These days it's hard being a father AND a Dad. There are so many bloody competing interests and in these recessionary times many fathers and dads are really under the gun. I don't want to start on a bad note but fathers and dads are now getting separated. People are making an artificial distinction between who is a father and who is a dad. The conclusion? Anyone can be a father but it takes a special man to be a dad.
That's so much horse dung and I beg to differ. A father and a Dad I believe share the same value systems, care for their families, love their children, and defend their brood. Of the actual origin of "dad" we have no evidence: but the forms dada, tata, meaning 'father', originating in infantile or childish speech, occur independently in many languages. So to all you philosophizing heads, you moralistic yahoos, and you holier-than-thou who like to separate the two it's just baby talk plain and simple.
I have been reading about the derogatory language hurled at fathers by all kinds of sentimental morons. They call us fathers "sperm donors," "deadbeats" and "absentees" among other names. Funny, I never heard about a "deadbeat mum" or "an egg donor mum." Guess it's the new-age, unjustified drivel and unadulterated nonsense that "all men are dogs." So in order to pull up the other tango dancer the one wearing the dress we have to pull down the other the one that wears the pants.
So Father's Day is seen simply as a boring ho-hum routine, let's-get-it-over and give the old coot a tie or a gift card to Sears to buy a vial of perfume. Or better yet let's get the old boy a pair of zebra-striped socks and a silly singing card playing "How much is that doggy in the window." Want to know something? Genuine fathers will accept these gifts with a smile because it came from you. The giving is what's important not the always poor, thoughtless choice of gifts.
You see fathers have had to go to war, die on the battlefields, work in the coal mines, drive trucks, get wet in the rain, walk miles to get snotty nosed little whiney Junior that red fire truck that he set his little heart on, and then still has to get up and go to work after he foolishly rocked 3-year old Jessica to bed whose "Daddy my head hurts and I'm soooo stuffy" just was too much for him to resist. Now he's all sniffy and snorty but he doesn't mind at least his little girl got to sleep in his arms. Actually, he'd have walked through hell just to make her happy so what's a little cold and fever?
Yep, that's what fathers do each and every day without complaining. So let's stop the dad-bashing. Most fathers are responsible, loving and caring even when external situations like poverty and high unemployment make it very difficult to "deliver for their families." You see, fathers are expected to deliver all the time. They are the original providers and while modern times have changed this traditional role, fathers still believe that that's what they do best.
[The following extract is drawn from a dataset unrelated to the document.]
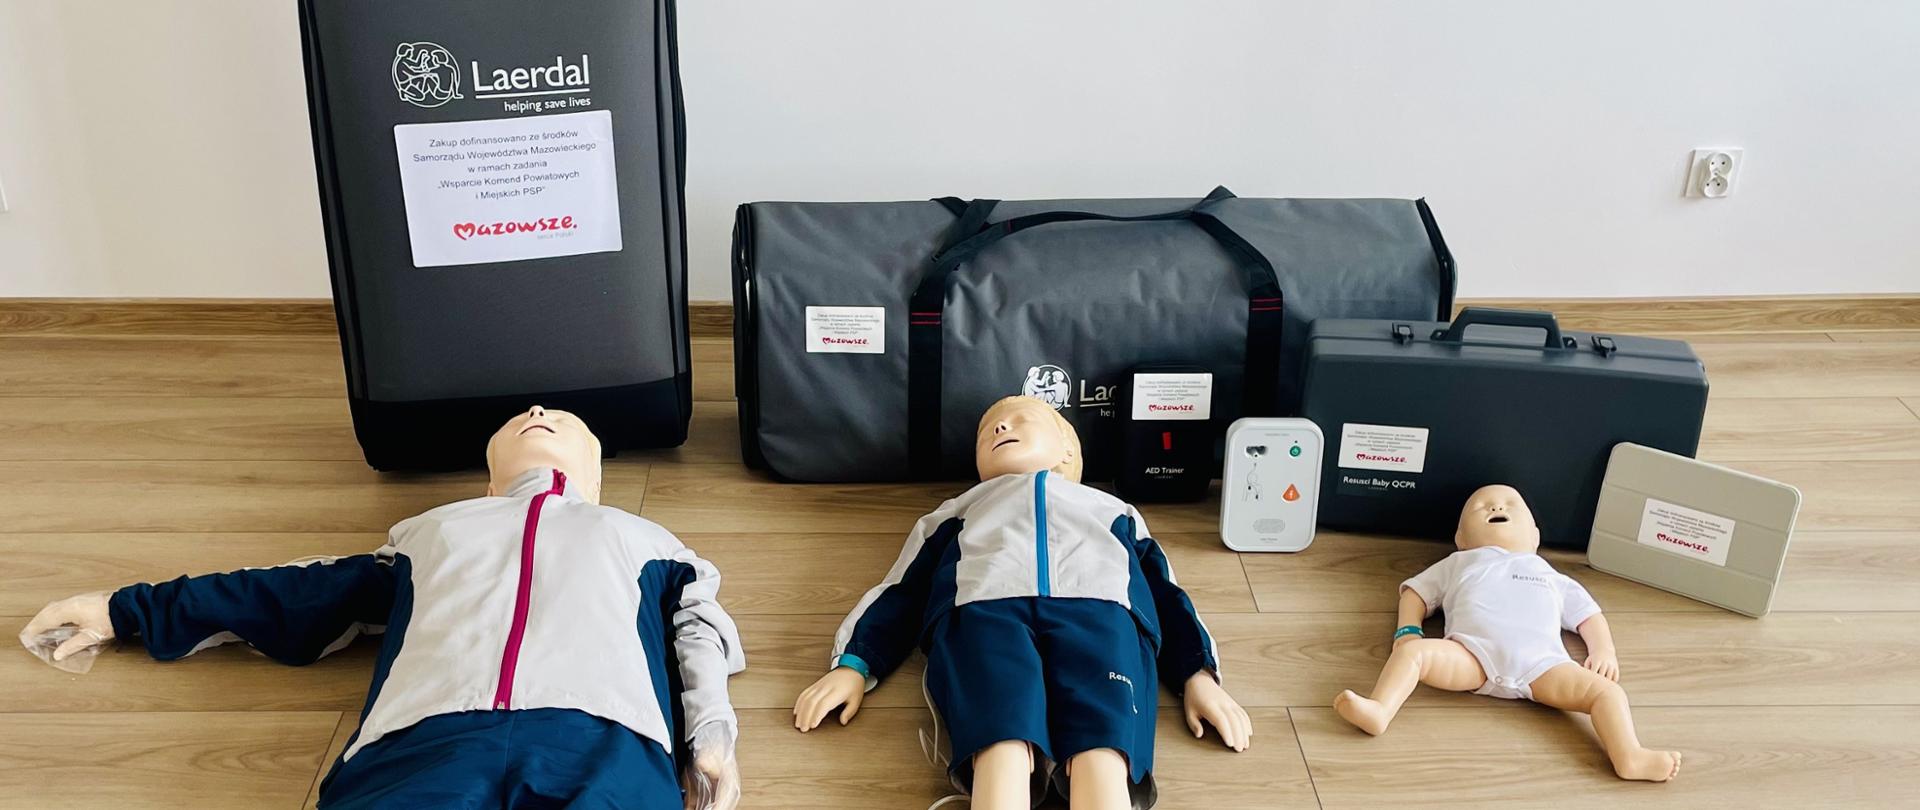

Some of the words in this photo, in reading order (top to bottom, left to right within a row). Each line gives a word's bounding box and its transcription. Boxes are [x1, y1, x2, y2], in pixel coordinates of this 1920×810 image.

Now I grant you that there are some fathers richly deserving of the horrid names they get called for not taking care of their progeny. And yes, they are those who contribution to the family was a teaspoon of fluid that was the end result of a few minutes of pleasurable intimate physical activity. But I submit that they are the exceptions rather than the rules. There will be some fathers who even fall of the wagon and become distracted by the sheer peer pressures of the day. But fathers, dads, daddies or pops or whatever you call him is still a great guy and he's going to answer to all you call him.
Thing is fathers have very limited access to organizations that are dedicated to, well, fatherhood, especially of young, immature fathers (who should not be fathers in the first case). Then there is the male machismo and swagger that makes fathers feel indestructible. Whining and complaining is not their forte suffer in silence is the way to go. There is a very simple explanation for this behavior: as the head of the household father is the rock even though there are shared responsibilities. Little Johnny runs to mom when he stumps his toe but runs to dad when he gets bullied on the playground most of the time.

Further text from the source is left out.